WHAT TO PRODUCE: Write the data out again exactly, dropping any images it holds.

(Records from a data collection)

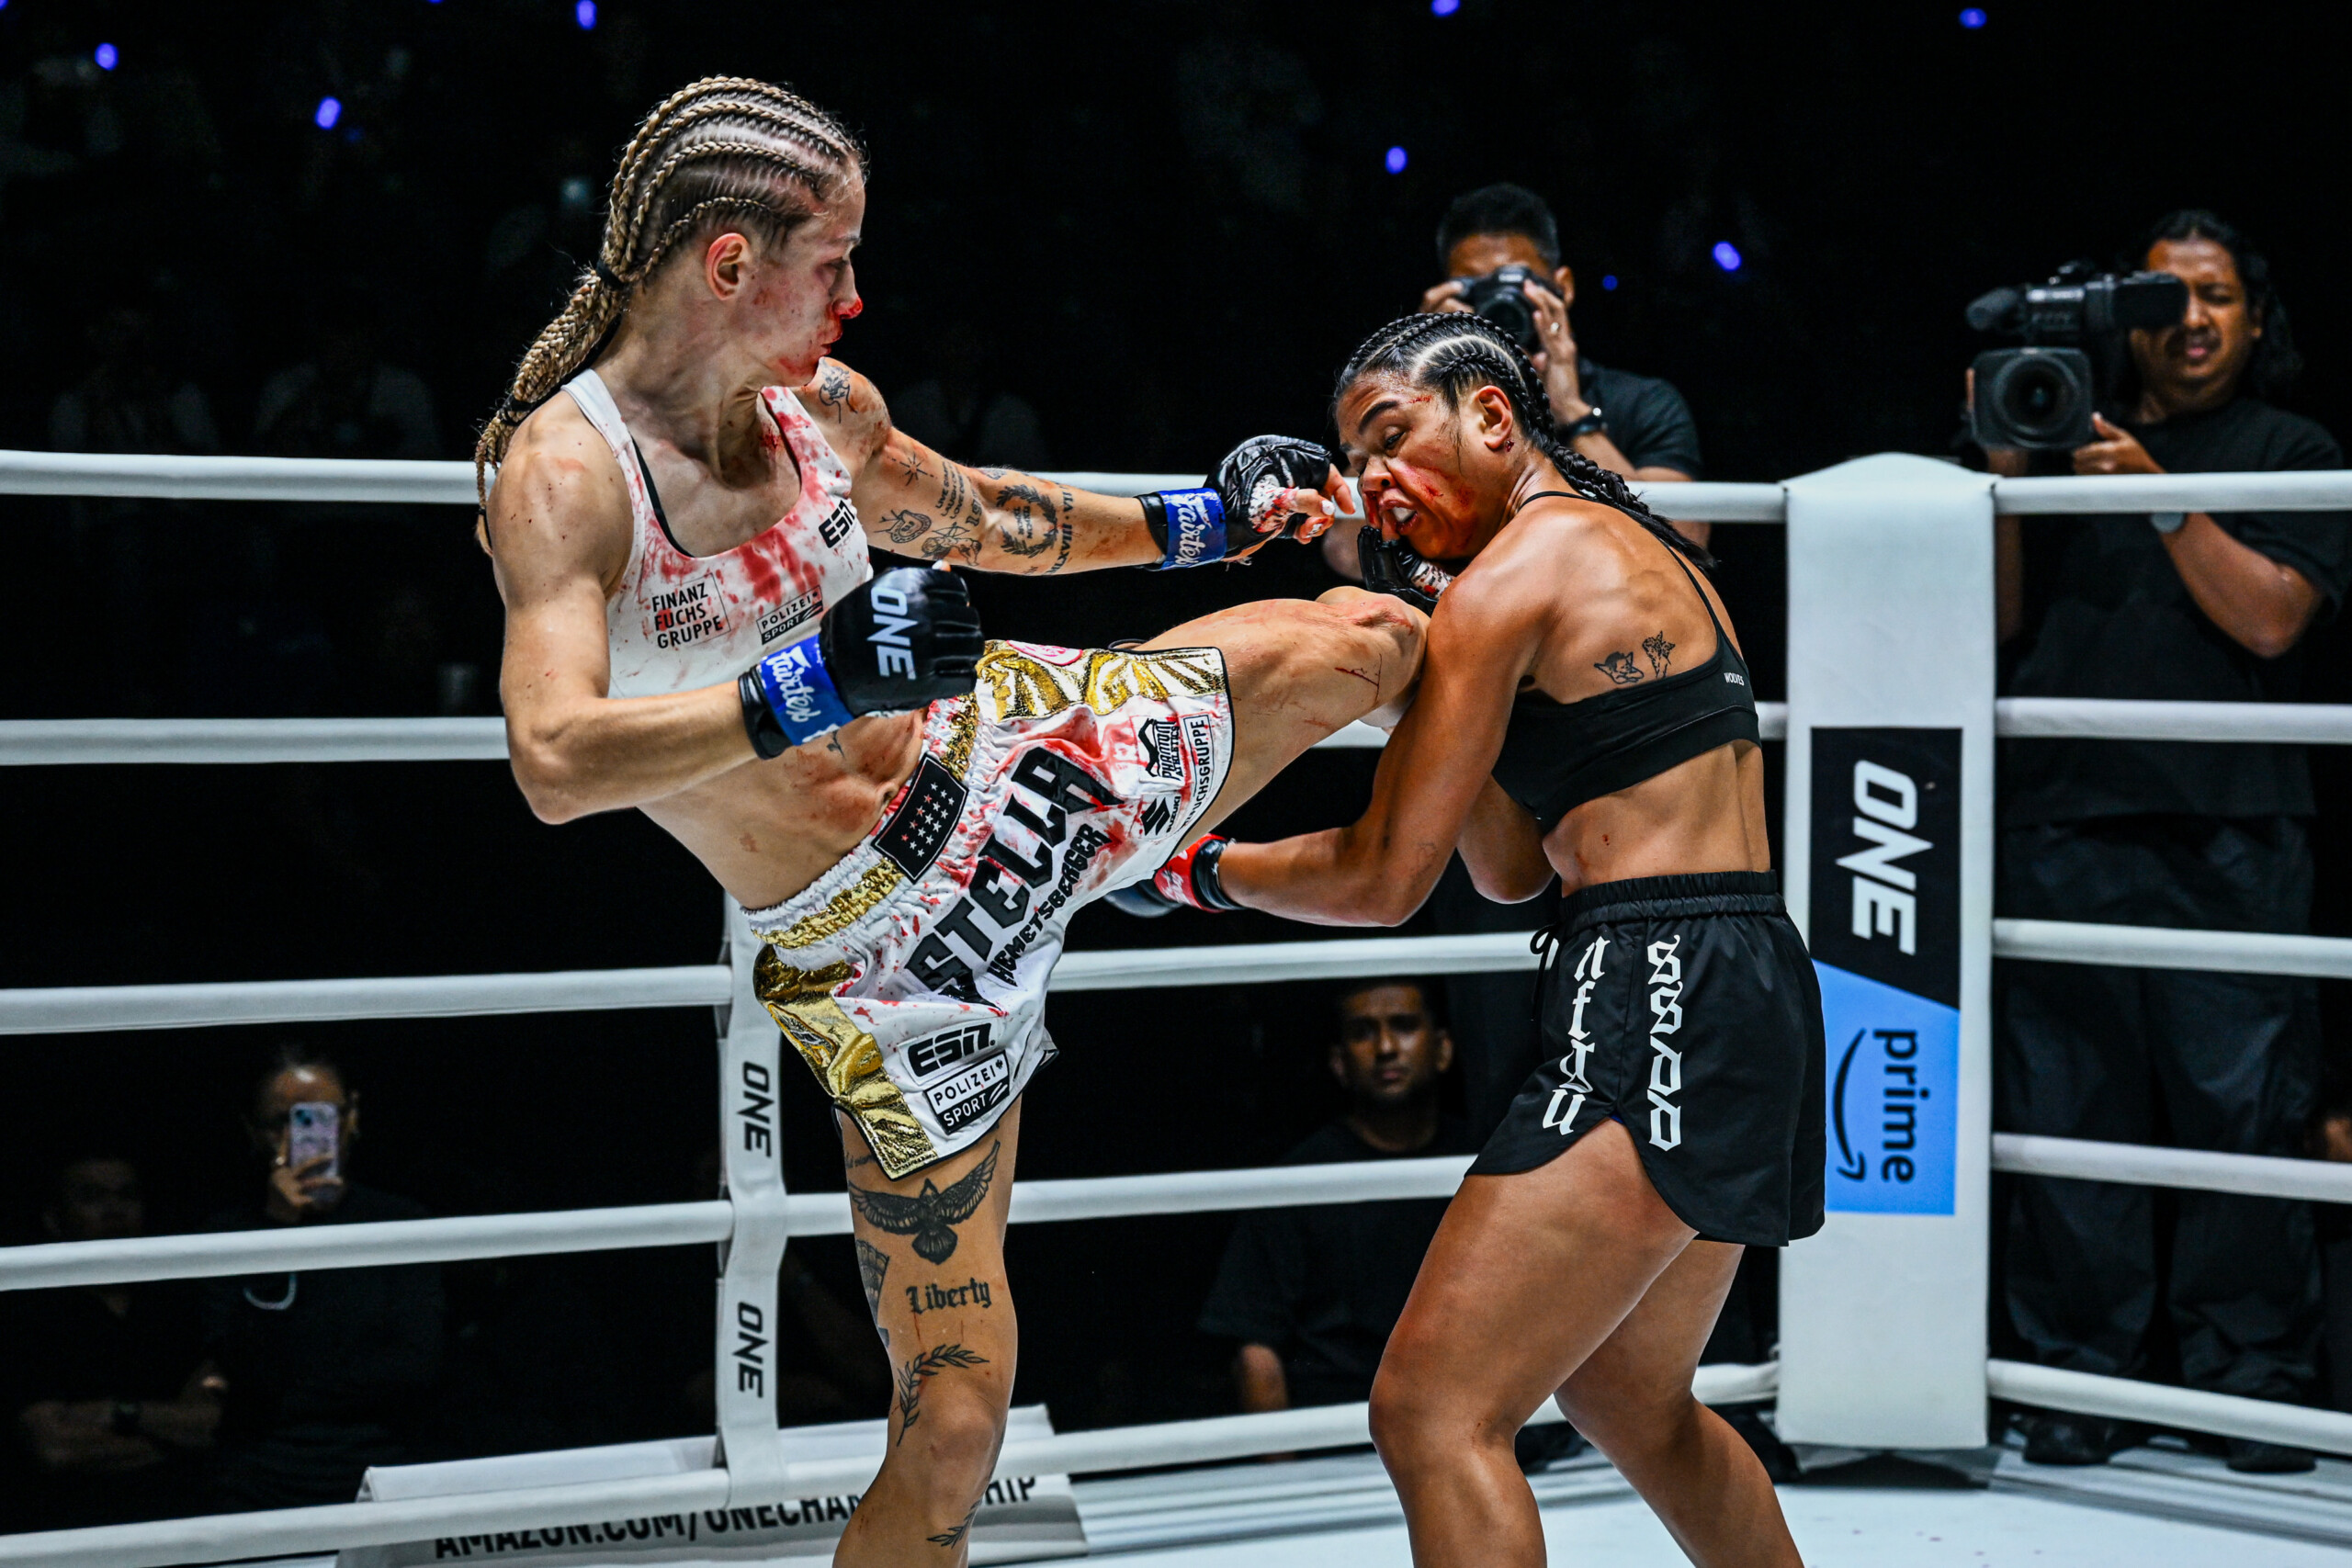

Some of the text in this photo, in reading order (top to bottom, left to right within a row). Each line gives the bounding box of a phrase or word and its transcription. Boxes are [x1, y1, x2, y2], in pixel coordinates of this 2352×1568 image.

[1170, 493, 1213, 565] Fairtex
[651, 582, 708, 613] FINANZ
[654, 603, 707, 632] FUCHS
[762, 595, 810, 629] POLIZEI
[657, 615, 723, 649] GRUPPE
[763, 615, 801, 642] SPORT
[866, 586, 919, 680] ONE
[765, 646, 821, 723] Fairtex
[1724, 672, 1745, 686] WOLVES
[1154, 720, 1182, 781] PHANTOM
[1170, 725, 1184, 778] ATHLETICS
[1166, 795, 1182, 833] SUZUKI
[904, 746, 1125, 1010] STELLA
[1835, 760, 1934, 956] ONE
[986, 823, 1113, 987] HEMETSBERGER
[908, 1022, 992, 1077] ESN
[737, 1061, 775, 1157] ONE
[933, 1065, 997, 1106] POLIZEI
[943, 1093, 988, 1127] SPORT
[1873, 1029, 1930, 1183] prime
[906, 1277, 991, 1314] Liberty
[732, 1302, 769, 1398] ONE
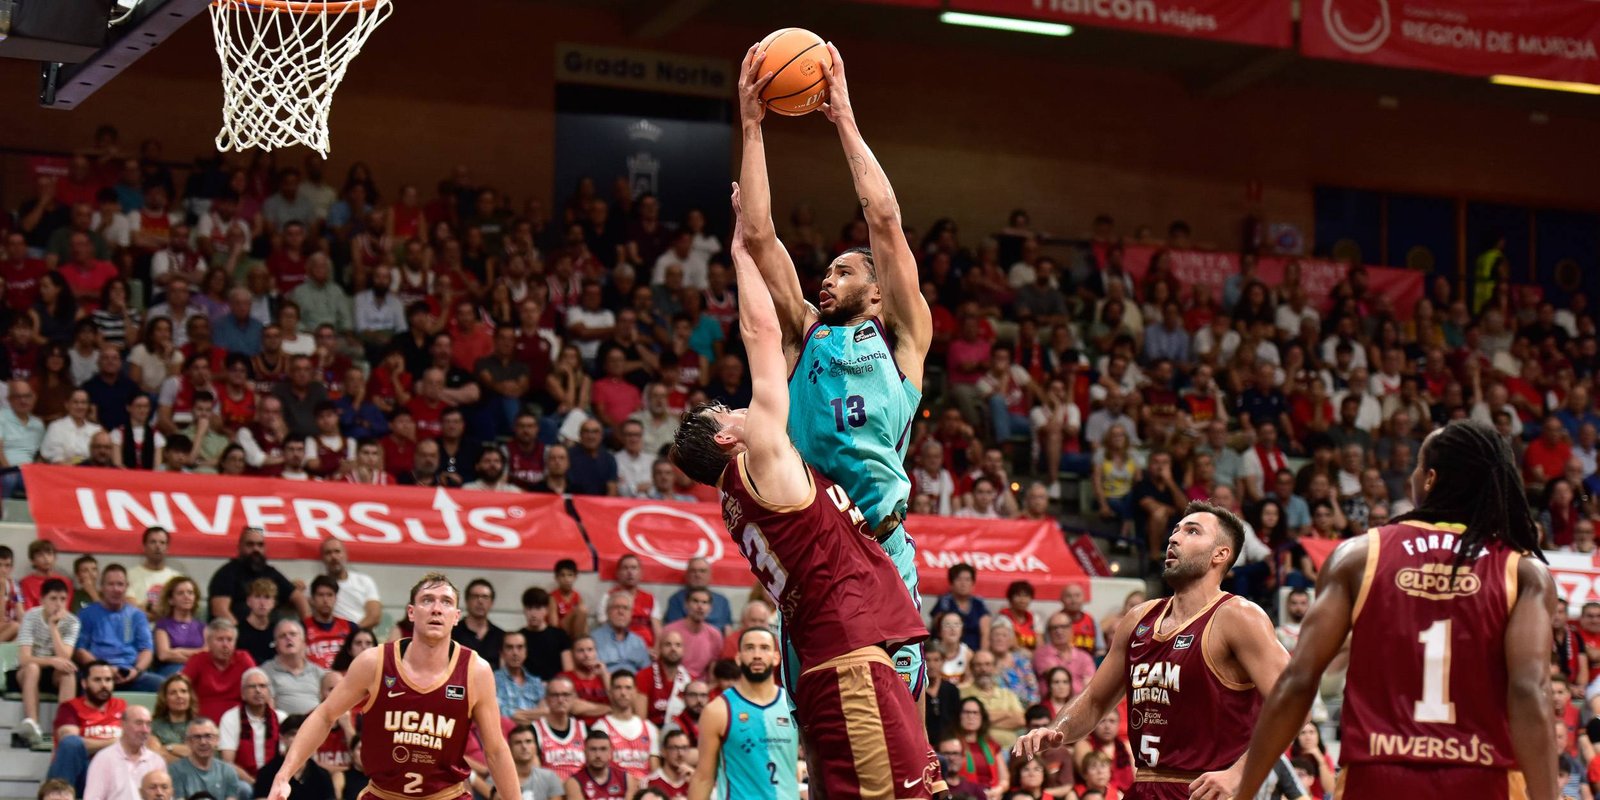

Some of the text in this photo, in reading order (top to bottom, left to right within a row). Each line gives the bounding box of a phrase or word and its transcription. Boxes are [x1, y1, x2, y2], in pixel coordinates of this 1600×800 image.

[1485, 30, 1514, 53] DE
[1517, 34, 1598, 60] MURCIA
[564, 51, 724, 88] Grada Norte
[830, 394, 868, 433] 13
[922, 550, 1049, 573] MURCIA
[1130, 661, 1181, 692] CAM
[1413, 618, 1456, 724] 1
[384, 710, 457, 739] UCAM
[392, 731, 443, 751] MURCIA
[1138, 734, 1161, 768] 5
[403, 772, 424, 794] 2
[766, 761, 779, 785] 2
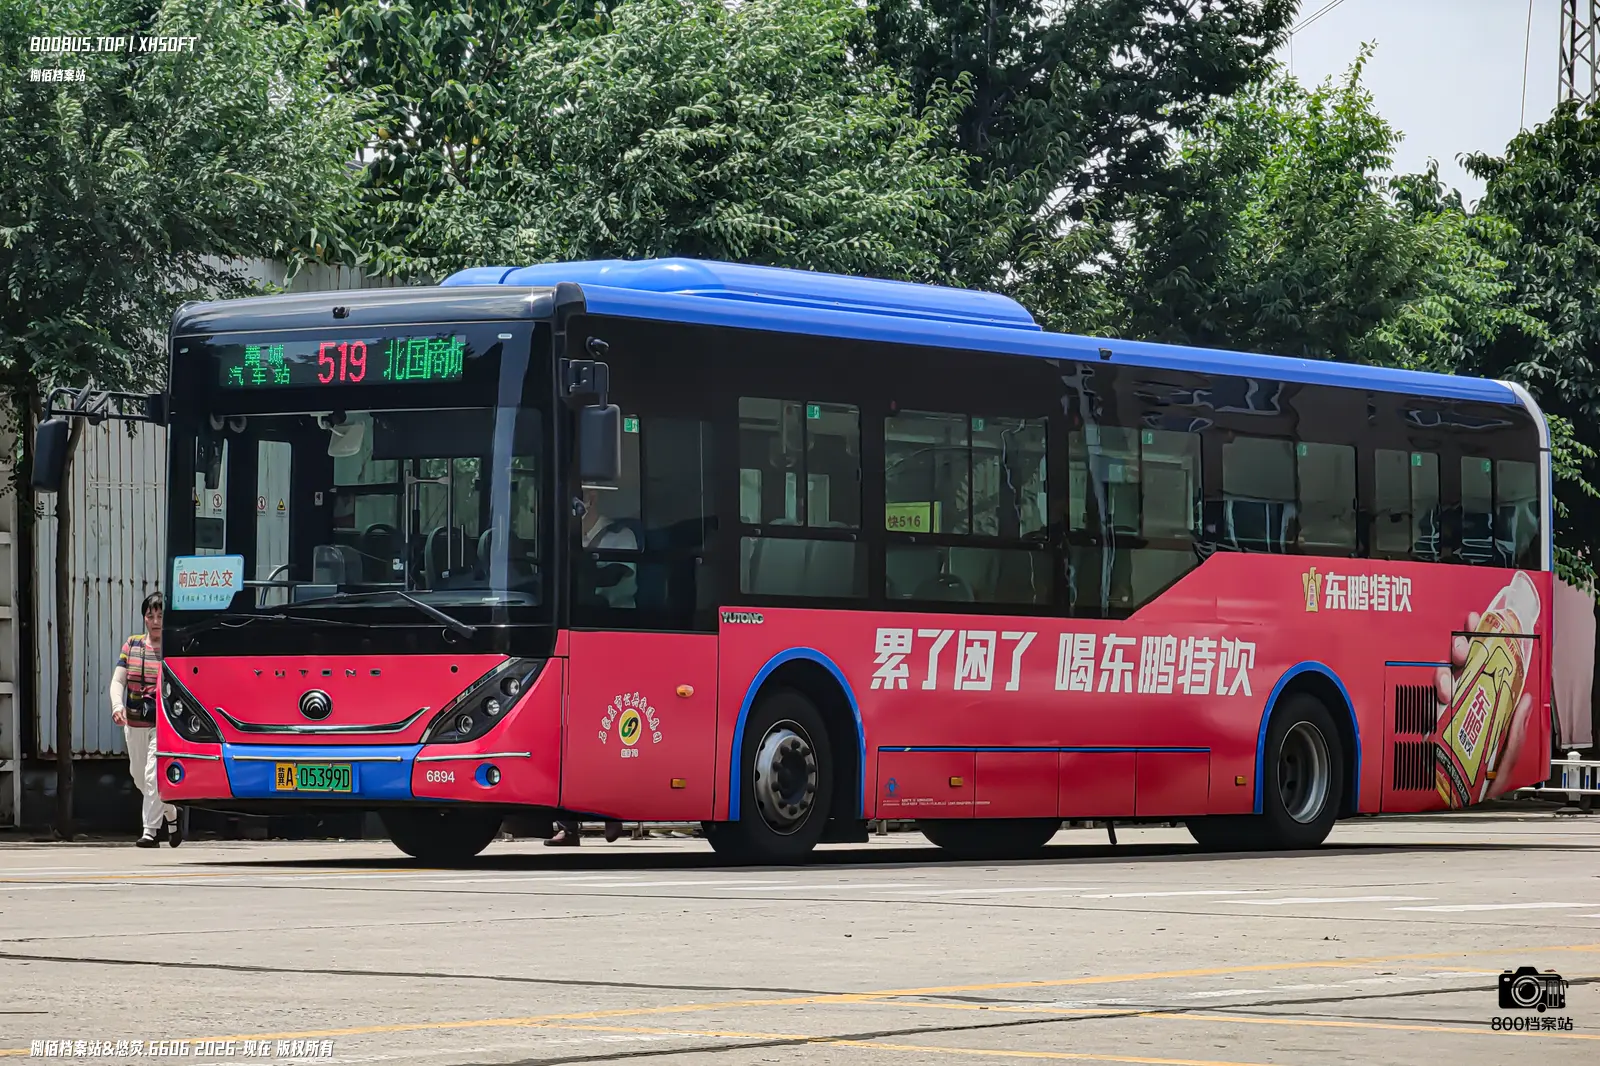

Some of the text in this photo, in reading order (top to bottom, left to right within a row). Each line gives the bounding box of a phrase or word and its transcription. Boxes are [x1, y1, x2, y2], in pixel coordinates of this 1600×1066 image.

[317, 340, 367, 383] 519
[228, 364, 291, 385] 汽车站
[888, 515, 921, 529] 快516
[178, 569, 234, 588] 响应式公交
[1325, 571, 1412, 612] 东鹏特饮
[721, 611, 765, 624] YUTONG
[870, 627, 1256, 697] 累了困了 喝东鹏特饮
[254, 668, 381, 678] YUTONG
[426, 770, 455, 783] 6894

PROBLEM SOLUTION:
Some of the text in this photo, in reading order (top to bottom, left to right within a row). Each line gives the bounding box of a phrase or word and its transcription. Boxes are [x1, y1, x2, y2], in pixel coordinates of this 2352×1568 image.

[1170, 493, 1213, 565] Fairtex
[651, 582, 708, 613] FINANZ
[654, 603, 707, 632] FUCHS
[762, 595, 810, 629] POLIZEI
[657, 615, 723, 649] GRUPPE
[763, 615, 801, 642] SPORT
[866, 586, 919, 680] ONE
[765, 646, 821, 723] Fairtex
[1724, 672, 1745, 686] WOLVES
[1154, 720, 1182, 781] PHANTOM
[1170, 725, 1184, 778] ATHLETICS
[1166, 795, 1182, 833] SUZUKI
[904, 746, 1125, 1010] STELLA
[1835, 760, 1934, 956] ONE
[986, 823, 1113, 987] HEMETSBERGER
[908, 1022, 992, 1077] ESN
[737, 1061, 775, 1157] ONE
[933, 1065, 997, 1106] POLIZEI
[943, 1093, 988, 1127] SPORT
[1873, 1029, 1930, 1183] prime
[906, 1277, 991, 1314] Liberty
[732, 1302, 769, 1398] ONE

Some of the text in this photo, in reading order (top to bottom, left to right within a row). Each line gives the bounding box of a phrase or word and its transcription. Boxes are [x1, y1, x2, y2], in pixel coordinates of this 1600×800 image.

[1485, 30, 1514, 53] DE
[1517, 34, 1598, 60] MURCIA
[564, 51, 724, 88] Grada Norte
[830, 394, 868, 433] 13
[922, 550, 1049, 573] MURCIA
[1130, 661, 1181, 692] CAM
[1413, 618, 1456, 724] 1
[384, 710, 457, 739] UCAM
[392, 731, 443, 751] MURCIA
[1138, 734, 1161, 768] 5
[403, 772, 424, 794] 2
[766, 761, 779, 785] 2

Some of the text in this photo, in reading order (top to bottom, left to right within a row). Each line gives the bounding box of a phrase or word and its transcription. Boxes are [x1, y1, x2, y2], in pixel coordinates of this 1600×1066 image.

[317, 340, 367, 383] 519
[228, 364, 291, 385] 汽车站
[888, 515, 921, 529] 快516
[178, 569, 234, 588] 响应式公交
[1325, 571, 1412, 612] 东鹏特饮
[721, 611, 765, 624] YUTONG
[870, 627, 1256, 697] 累了困了 喝东鹏特饮
[254, 668, 381, 678] YUTONG
[426, 770, 455, 783] 6894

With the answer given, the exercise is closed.